A sociedade empresária Engenharia Ômicron Ltda. recebeu notificação para pagar ou impugnar, no prazo de 30 dias, determinado tributo federal cuja arrecadação é feita pela Secretaria Especial da Receita Federal do Brasil (SERFB). Inconformada com a cobrança, impugnou o lançamento dentro do prazo devido, mas as decisões administrativas de 1º e 2º grau foram-lhe desfavoráveis. Recebeu então intimação para realizar o pagamento no prazo de 30 dias após o recebimento da intimação acerca da decisão irrecorrível em sede administrativa. No 10º dia após a ciência desta intimação, a sociedade precisou emitir uma certidão fiscal que comprove a quitação de tal tributo, com vistas a participar de um certame licitatório. Diante desse cenário e à luz do Código Tributário Nacional, será emitida uma
- A)Certidão Negativa.
Errada, porque já existe crédito tributário constituído em nome da empresa, então não é caso de certidão negativa.
- B)Certidão Negativa com Efeitos de Positiva.
Errada, porque a CPEN pressupõe crédito não vencido, suspenso ou outra hipótese legal, mas o enunciado não aponta a situação completa dessa forma para essa alternativa.
- C)Certidão Positiva.
Errada, porque certidão positiva pura só seria adequada para informar a existência do débito sem os efeitos mitigadores previstos no CTN.
- D)Certidão Positiva com Efeito de Negativa.
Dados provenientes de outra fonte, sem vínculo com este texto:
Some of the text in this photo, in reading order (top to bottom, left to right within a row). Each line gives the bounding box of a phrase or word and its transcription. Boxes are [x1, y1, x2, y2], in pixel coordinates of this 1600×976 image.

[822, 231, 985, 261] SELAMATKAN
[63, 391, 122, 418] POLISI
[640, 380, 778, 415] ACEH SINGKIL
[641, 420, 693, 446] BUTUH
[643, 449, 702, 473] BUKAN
Certa, porque o crédito ainda não venceu, já que a empresa está no prazo de 30 dias para pagar, o que autoriza a CPEN nos termos do art. 206 do CTN.
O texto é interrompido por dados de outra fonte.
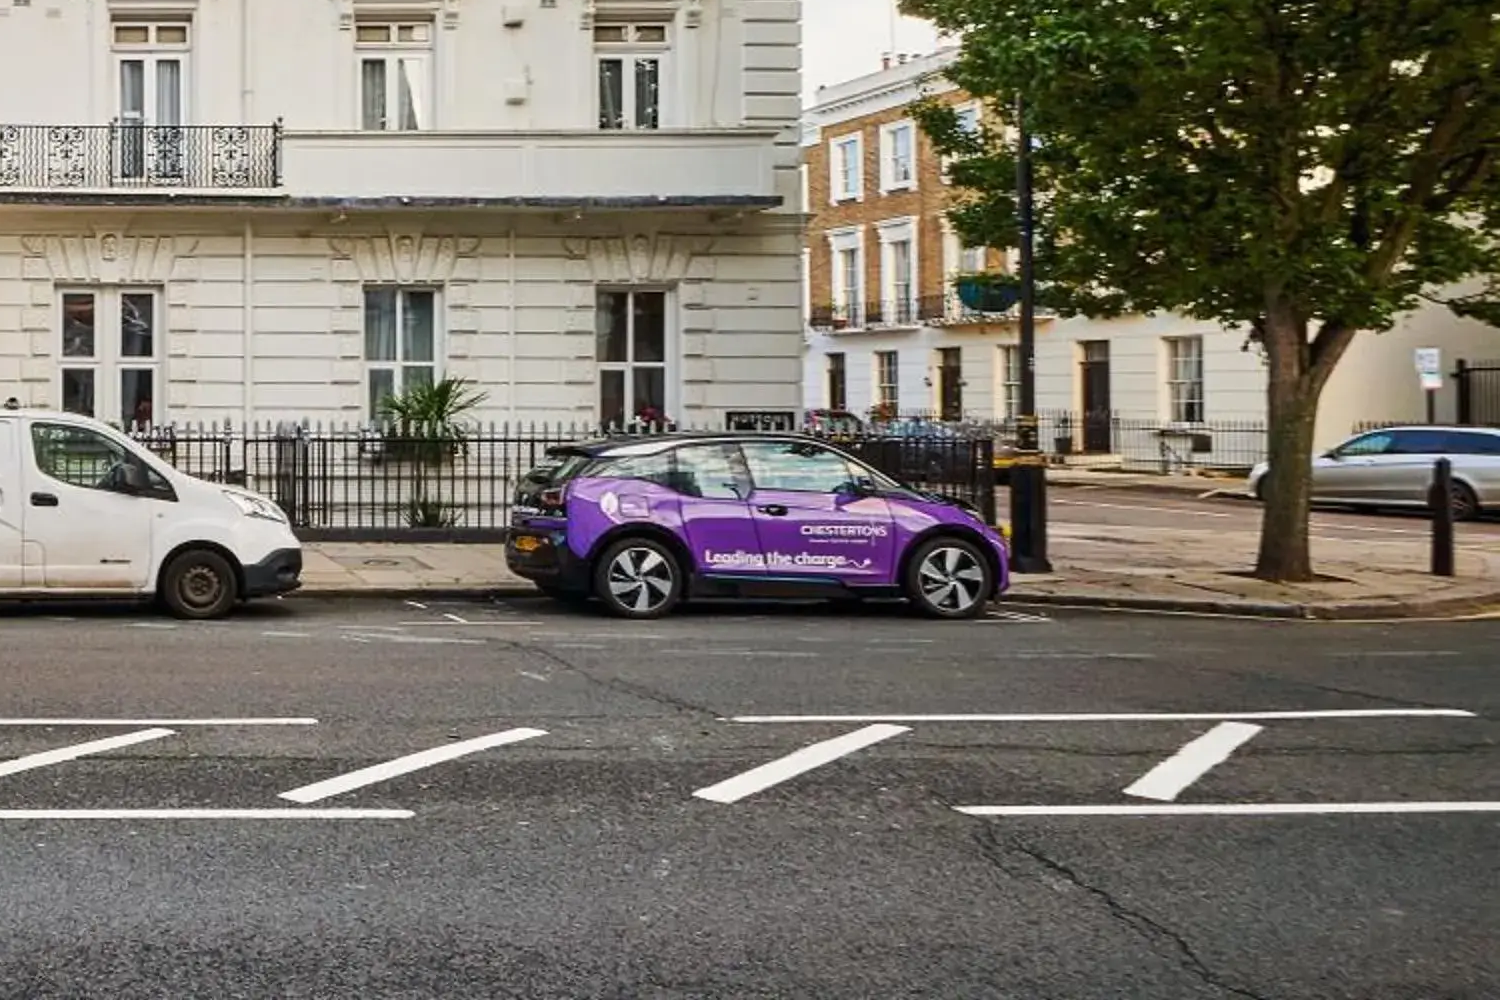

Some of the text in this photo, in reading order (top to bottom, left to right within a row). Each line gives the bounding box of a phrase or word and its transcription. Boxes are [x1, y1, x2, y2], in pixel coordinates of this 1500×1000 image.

[801, 525, 887, 536] CHESTERTONS
[705, 549, 846, 568] Leading the charge
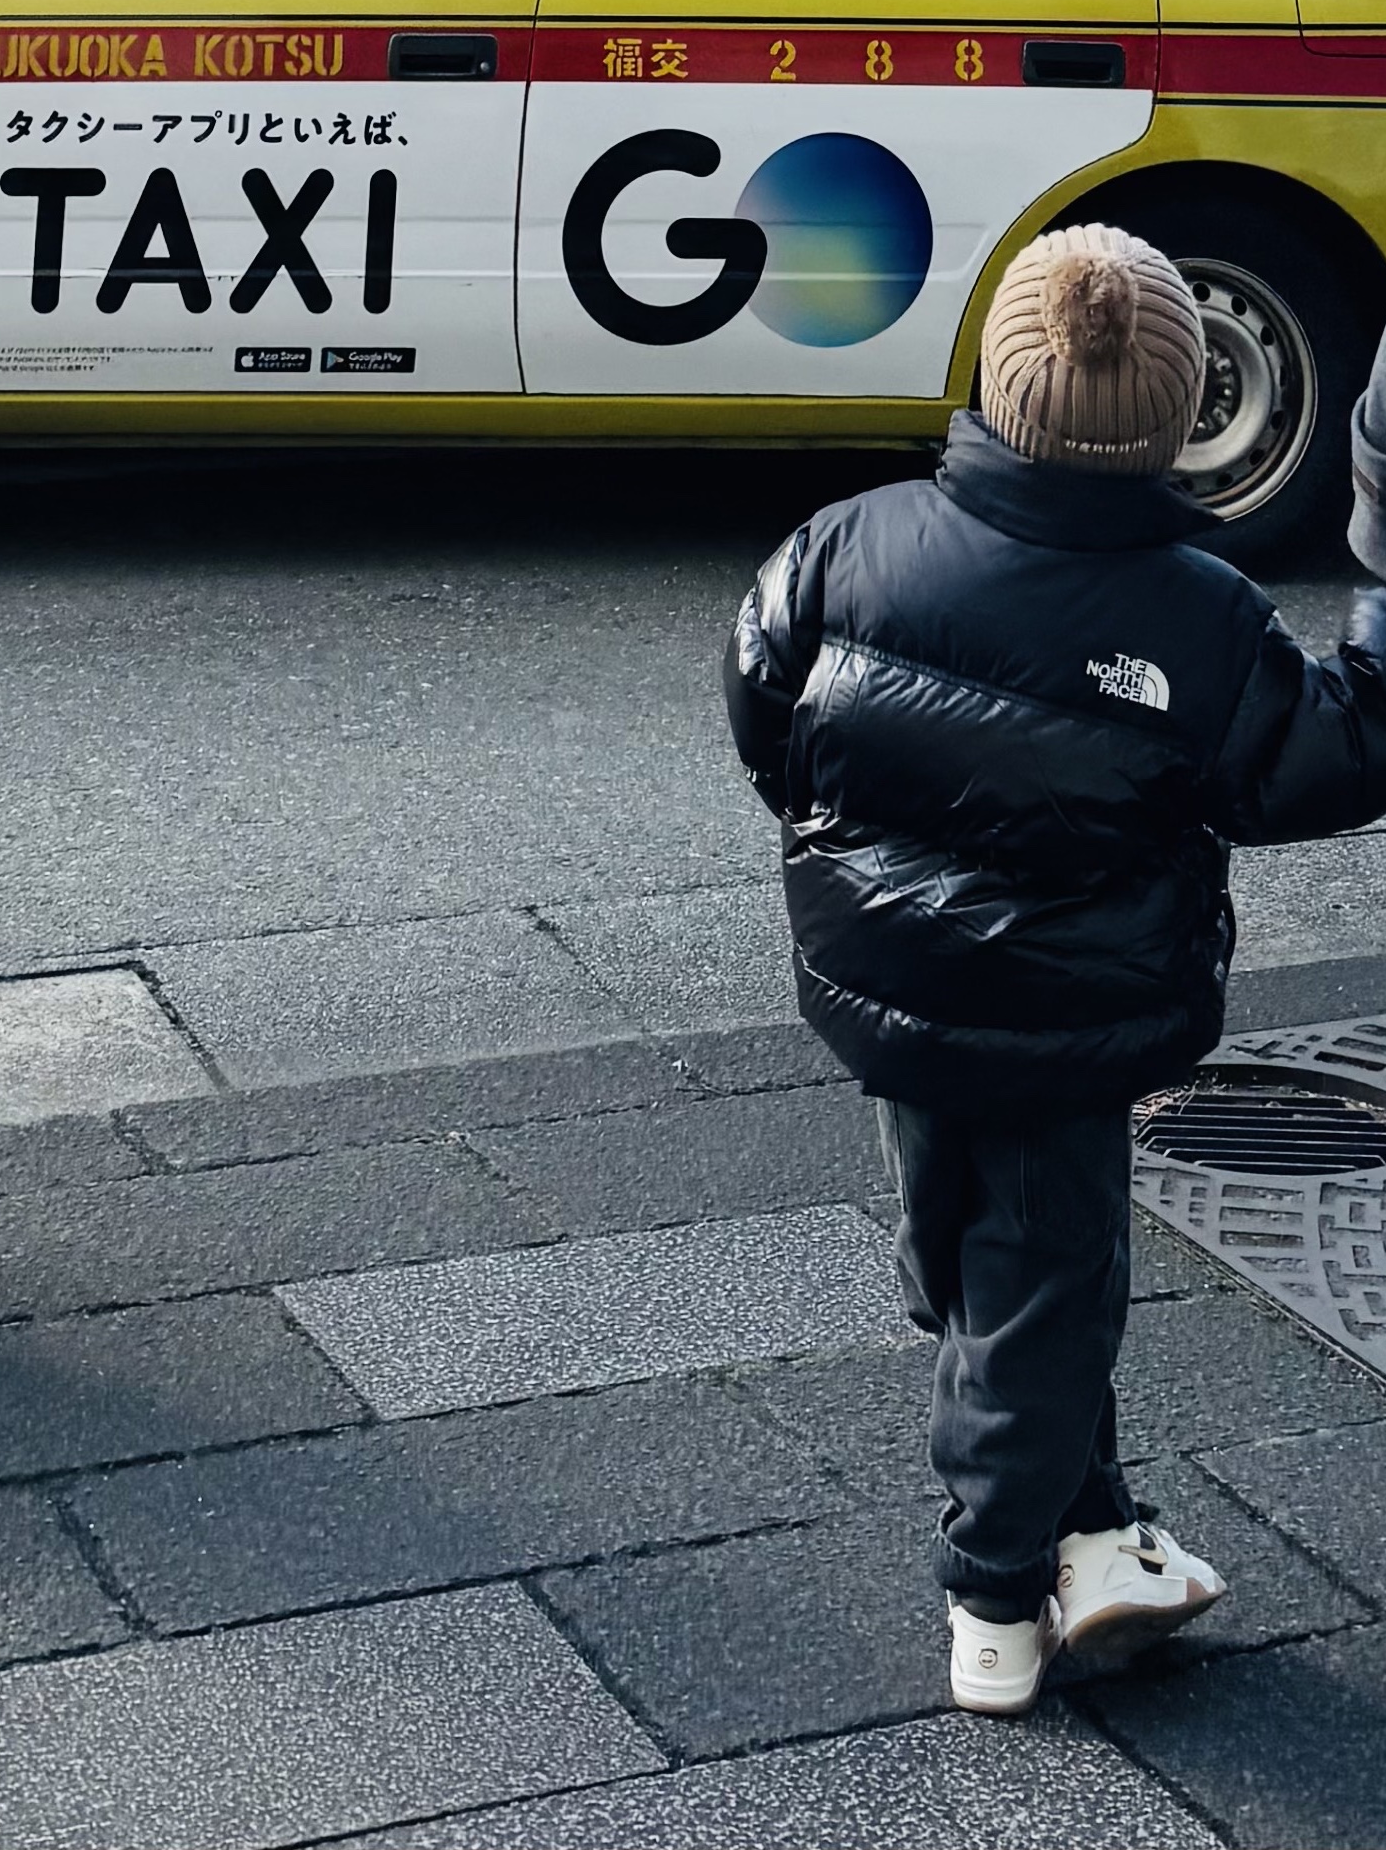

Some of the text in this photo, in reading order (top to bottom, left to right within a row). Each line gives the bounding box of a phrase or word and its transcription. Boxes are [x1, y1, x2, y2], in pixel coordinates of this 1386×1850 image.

- E)Certidão de Exclusão do Crédito Tributário.
Errada, porque exclusão do crédito tributário não tem relação com o caso narrado, que trata de certidão fiscal após discussão administrativa.
Gabarito: D
A lógica aqui é simples: nem toda certidão fiscal nasce quando tudo está pago. O CTN trabalha com três ideias principais: certidão negativa, certidão positiva e certidão positiva com efeitos de negativa (CPEN). A última é a mais útil quando existe um crédito tributário, mas ele ainda não gera impedimento para o contribuinte naquele momento. No caso, a sociedade já perdeu a discussão administrativa, mas recebeu intimação com prazo de 30 dias para pagar. No 10º dia, portanto, o crédito ainda não estava vencido. E isso importa muito, porque o art. 206 do CTN autoriza a CPEN quando houver crédito tributário não vencido, ou cuja exigibilidade esteja suspensa, ou em outras hipóteses legais semelhantes. Ou seja: não cabe certidão negativa, porque existe crédito constituído em seu nome. Mas também não cabe tratá-la como inadimplente plena, já que o prazo para pagamento ainda está em curso. Resultado: a certidão correta é a Certidão Positiva com Efeitos de Negativa. Esse é o tipo de detalhe que a FGV adora: ela joga a história administrativa inteira na sua frente para ver se você percebe que o ponto decisivo é o vencimento do crédito. No CTN, prazo ainda correndo costuma salvar a certidão.